What the task requires
Please reproduce the entries exactly as they appear below, but not the pictures.

Source material
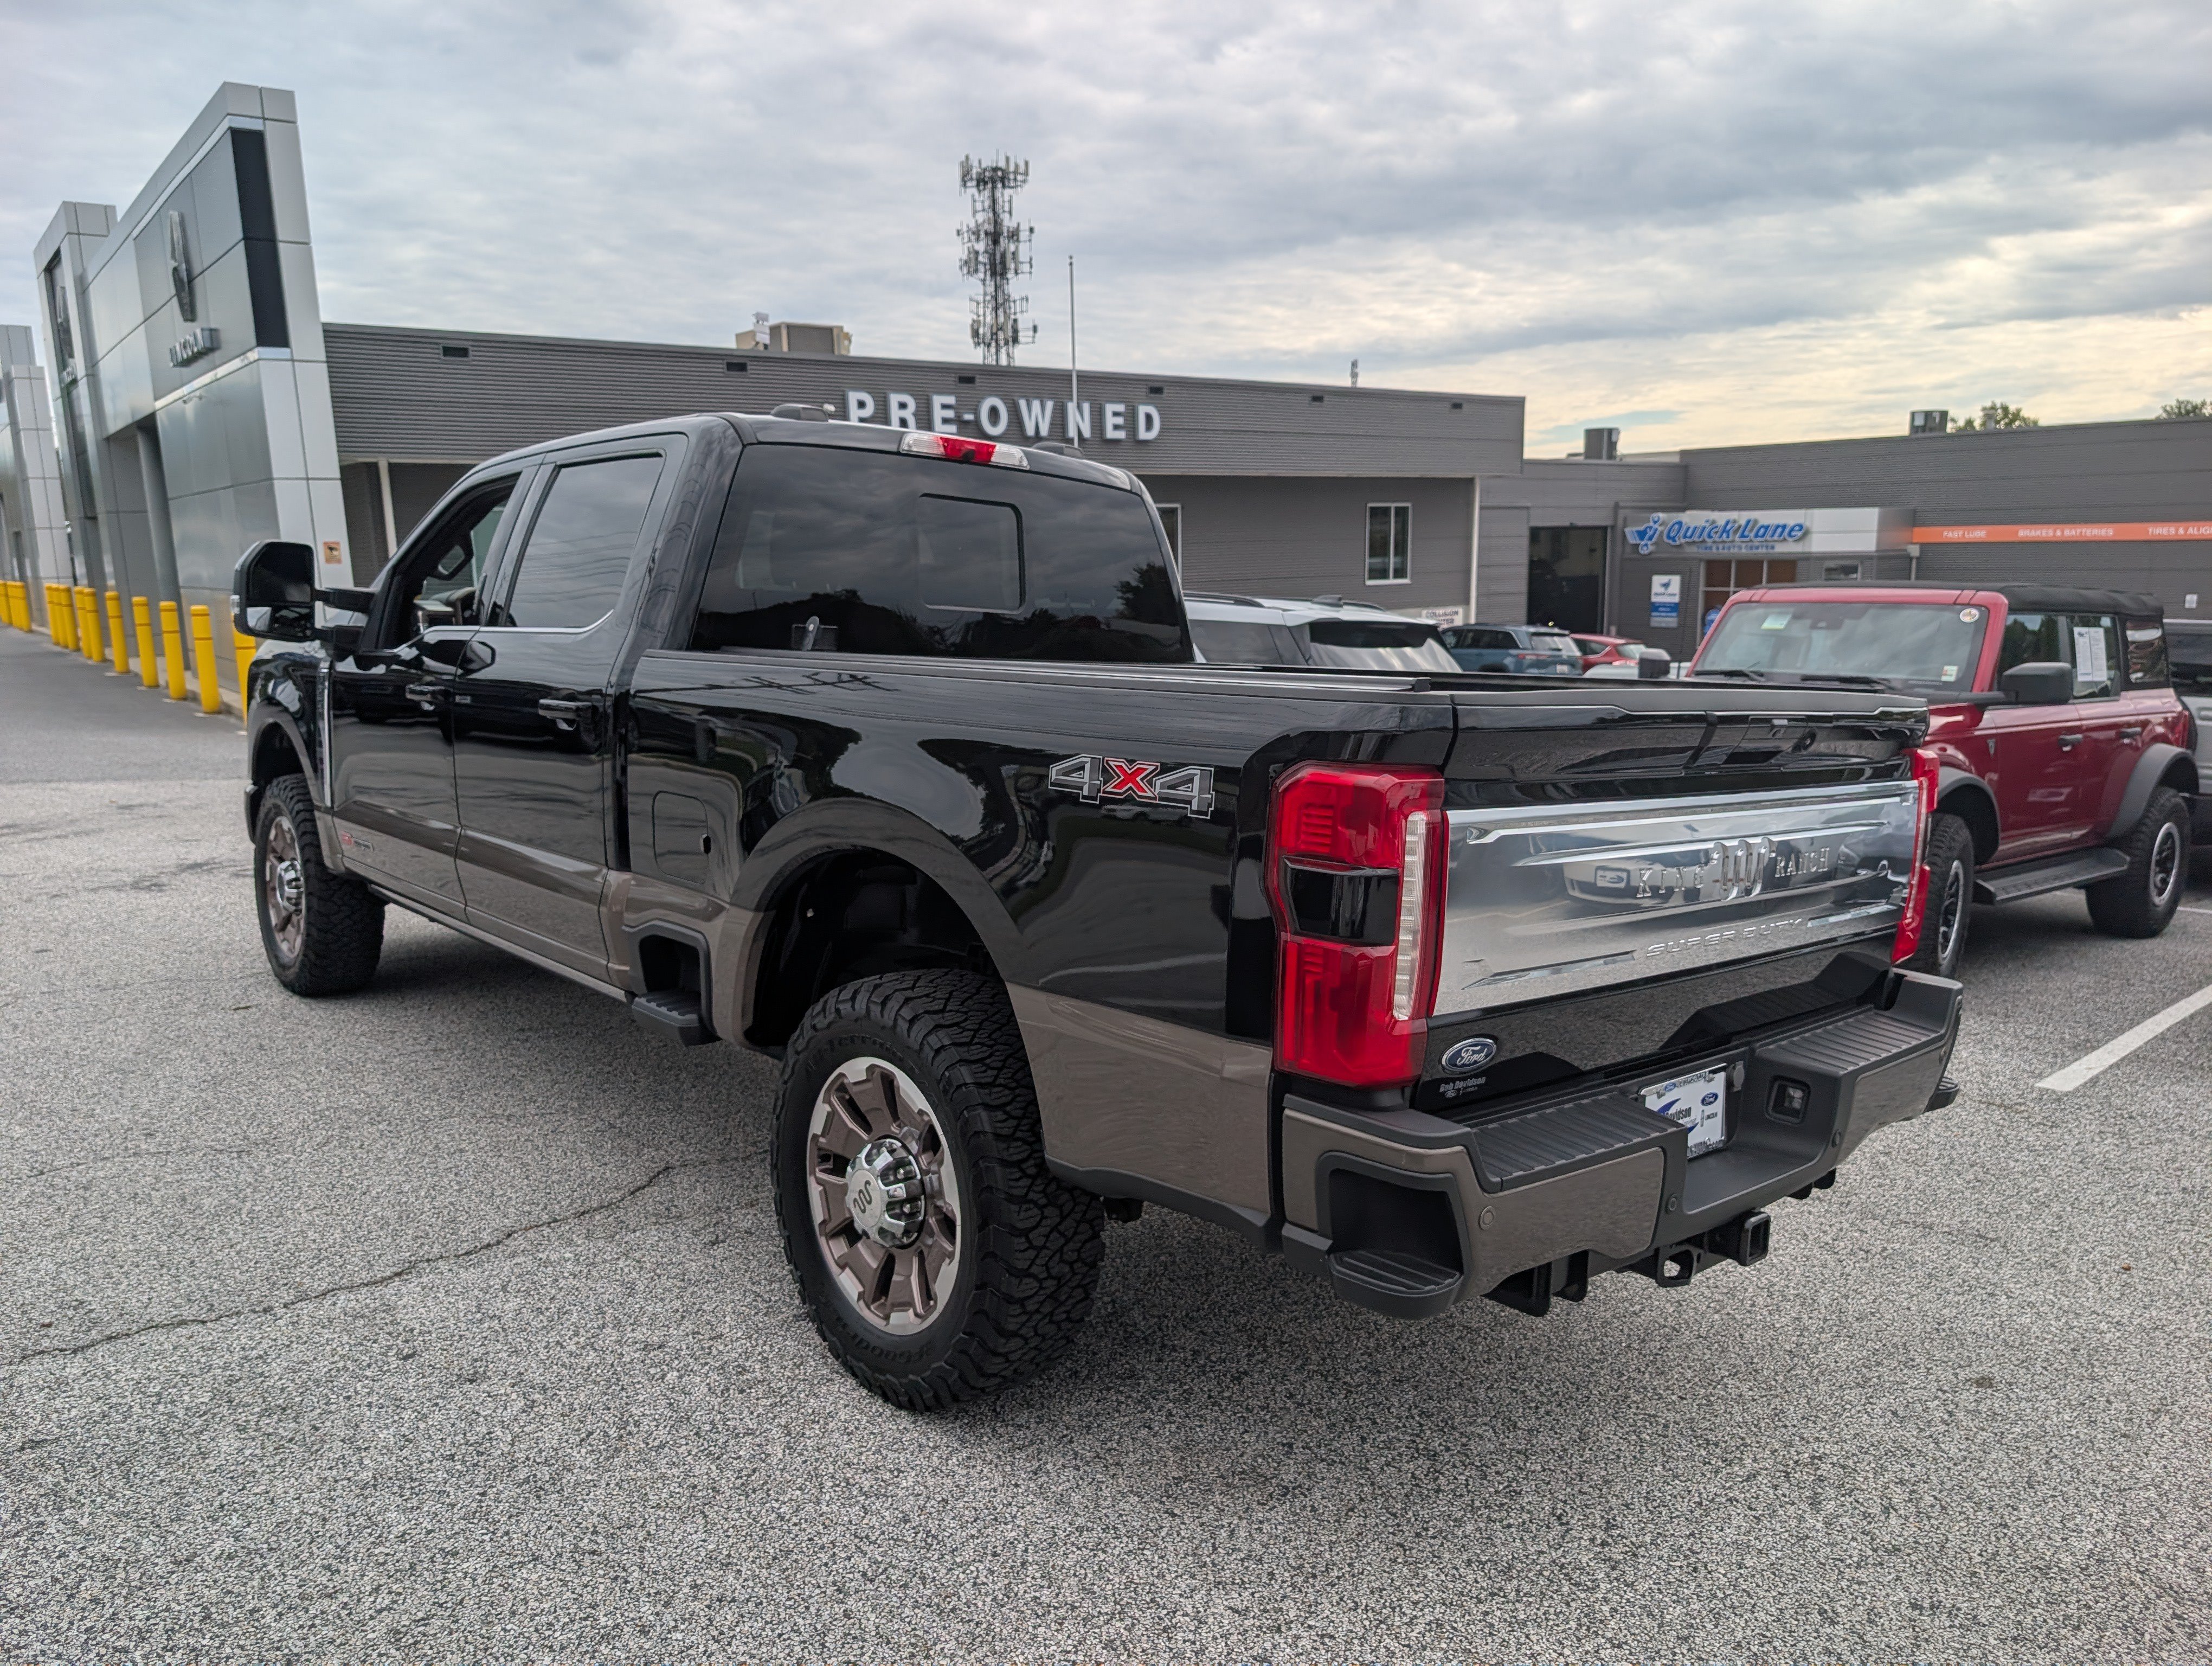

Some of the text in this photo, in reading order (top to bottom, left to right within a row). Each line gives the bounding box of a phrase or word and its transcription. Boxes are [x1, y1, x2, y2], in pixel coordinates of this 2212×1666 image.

[847, 390, 1161, 440] PRE-OWNED
[1664, 518, 1805, 544] Quick Lane
[1943, 530, 1964, 539] FAST
[1965, 529, 1987, 538] LUBE
[2018, 529, 2054, 537] BRAKES
[2055, 529, 2062, 537] &
[2063, 528, 2113, 537] BATTERIES
[2149, 527, 2175, 536] TIRES
[2177, 527, 2184, 535] &
[1636, 847, 1830, 898] KING RANCH
[1646, 918, 1803, 957] SUPER DUTY
[1456, 1046, 1488, 1066] Ford
[1439, 1077, 1486, 1092] Bob Davidson

Result of the task
Some of the text in this photo, in reading order (top to bottom, left to right within a row). Each line gives the bounding box of a phrase or word and its transcription. Boxes are [x1, y1, x2, y2], in pixel coordinates of this 2212×1666 image.

[847, 390, 1161, 440] PRE-OWNED
[1664, 518, 1805, 544] Quick Lane
[1943, 530, 1964, 539] FAST
[1965, 529, 1987, 538] LUBE
[2018, 529, 2054, 537] BRAKES
[2055, 529, 2062, 537] &
[2063, 528, 2113, 537] BATTERIES
[2149, 527, 2175, 536] TIRES
[2177, 527, 2184, 535] &
[1636, 847, 1830, 898] KING RANCH
[1646, 918, 1803, 957] SUPER DUTY
[1456, 1046, 1488, 1066] Ford
[1439, 1077, 1486, 1092] Bob Davidson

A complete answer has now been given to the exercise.